Unnamed: 0,vcs,scores,texts
0,"[Water quality and quantity, Traditional land ...","[0.7399547696113586, 0.05953020229935646, 0.01...",TABLE 3 SUMMARY OF AQUATICS FIELD WORK AND ABO...
1,"[Fish and fish habitat, Wildlife and wildlife ...","[0.8952215909957886, 0.7558441162109375, 0.348...",TABLE 4 SUMMARY OF WATERCOURSE CROSSINGS ALONG...
2,"[Fish and fish habitat, Wildlife and wildlife ...","[0.8952215909957886, 0.7558441162109375, 0.348...",TABLE 4 SUMMARY OF WATERCOURSE CROSSINGS ALONG...
3,"[Fish and fish habitat, Wildlife and wildlife ...","[0.8952215909957886, 0.7558441162109375, 0.348...",TABLE 4 SUMMARY OF WATERCOURSE CROSSINGS ALONG...
4,"[Fish and fish habitat, Wildlife and wildlife ...","[0.8952215909957886, 0.7558441162109375, 0.348...",TABLE 4 SUMMARY OF WATERCOURSE CROSSINGS ALONG...
...,...,...,...
28886,"[Traditional land and resource use, Environmen...","[0.2083447426557541, 0.17277342081069946, 0.10...",TABLE 1 GENERAL LAND USE AND ENVIRONMENTAL SET...

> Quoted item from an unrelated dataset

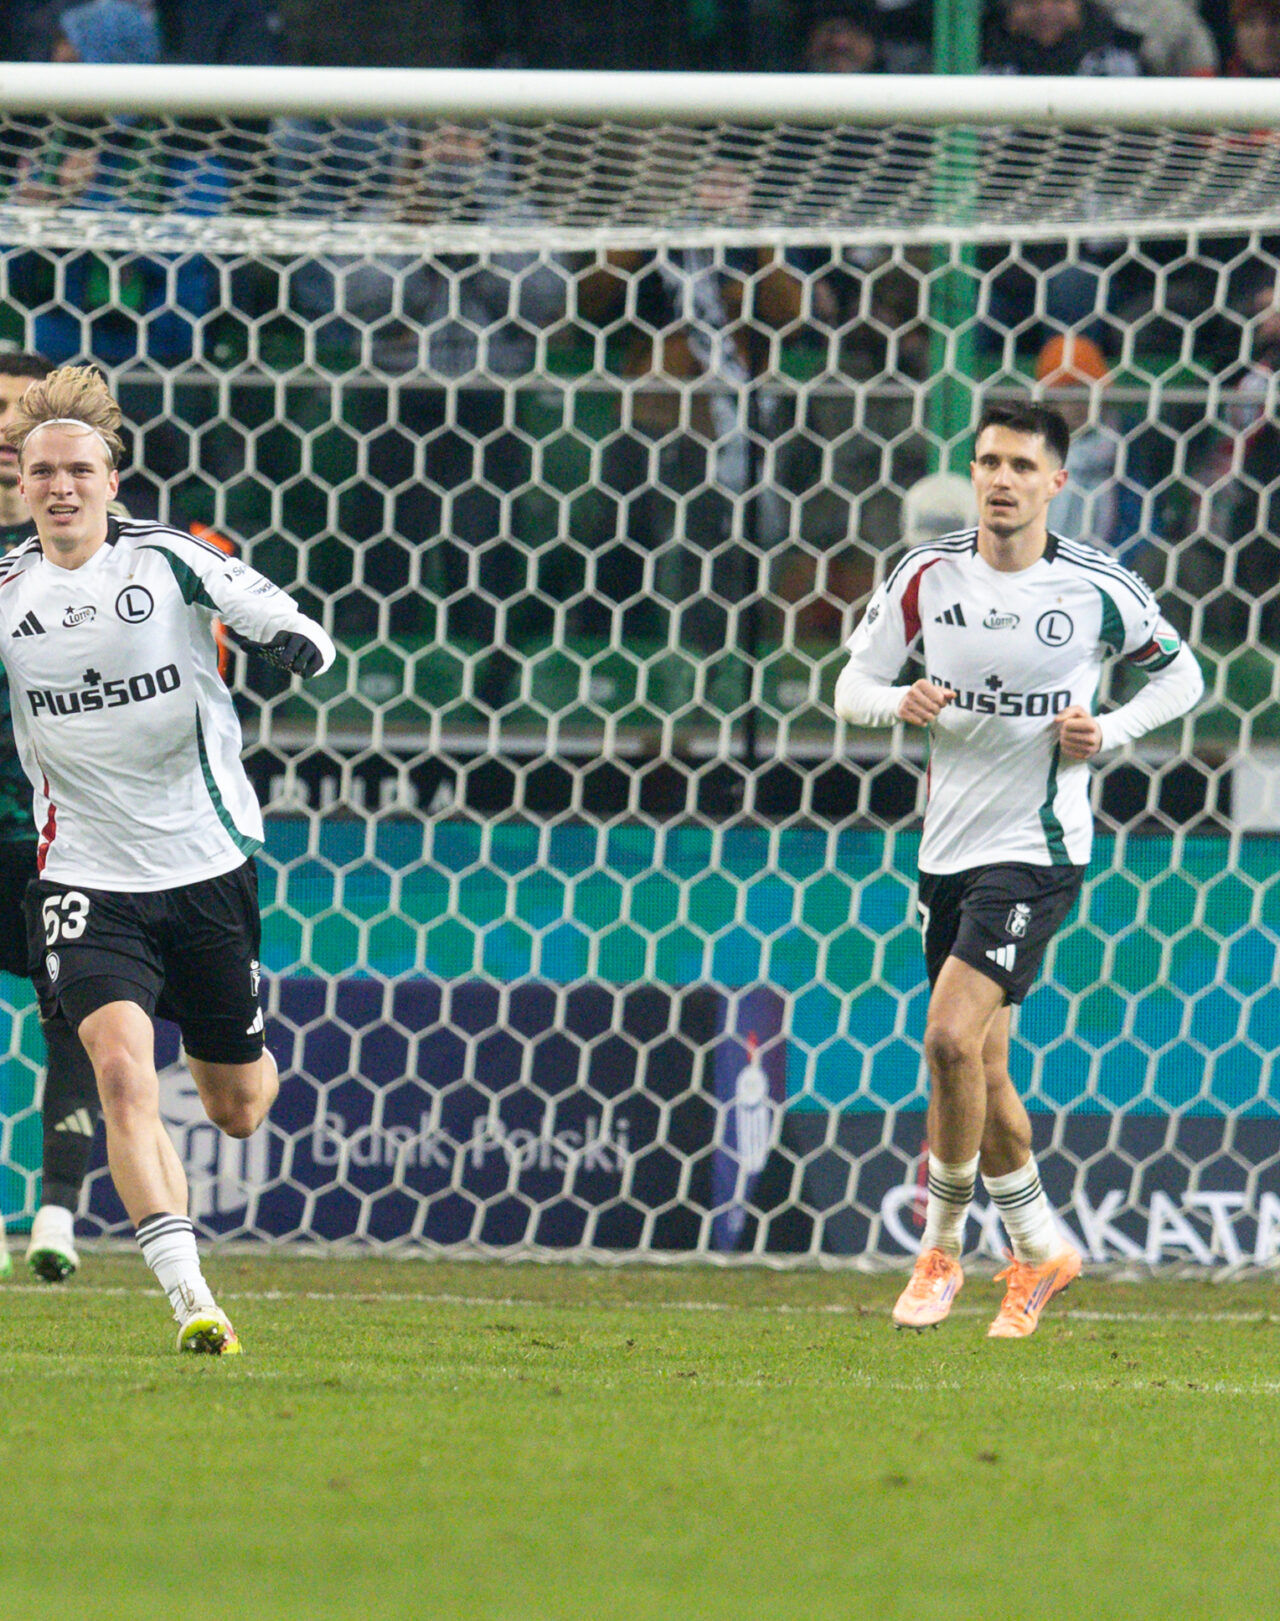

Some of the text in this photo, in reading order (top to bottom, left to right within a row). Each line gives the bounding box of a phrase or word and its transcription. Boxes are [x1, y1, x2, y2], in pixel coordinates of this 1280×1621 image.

28887,[Species at Risk or Species of Special Status ...,"[0.9934717416763306, 0.5959182977676392, 0.550...",TABLE 2 OCCURRENCES OF SPECIES WITH SPECIAL CO...
28888,[Species at Risk or Species of Special Status ...,"[0.990873396396637, 0.6361707448959351, 0.4615...",TABLE 2 OCCURRENCES OF SPECIES WITH SPECIAL CO...

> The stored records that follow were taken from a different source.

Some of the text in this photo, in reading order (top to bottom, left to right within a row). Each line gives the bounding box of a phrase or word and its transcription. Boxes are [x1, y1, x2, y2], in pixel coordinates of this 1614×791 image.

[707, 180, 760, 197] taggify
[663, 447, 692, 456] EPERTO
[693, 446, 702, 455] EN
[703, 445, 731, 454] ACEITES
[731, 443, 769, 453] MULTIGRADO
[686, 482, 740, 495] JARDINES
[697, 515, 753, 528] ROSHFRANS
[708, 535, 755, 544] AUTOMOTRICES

28889,[Species at Risk or Species of Special Status ...,"[0.9845494031906128, 0.3557242751121521, 0.196...",TABLE 2 OCCURRENCES OF SPECIES WITH SPECIAL CO...


Now, we could set a scoring threshold to decide whether we want to label the table with a VC or not. For example, we could say that all scores under 0.6 should not label the text.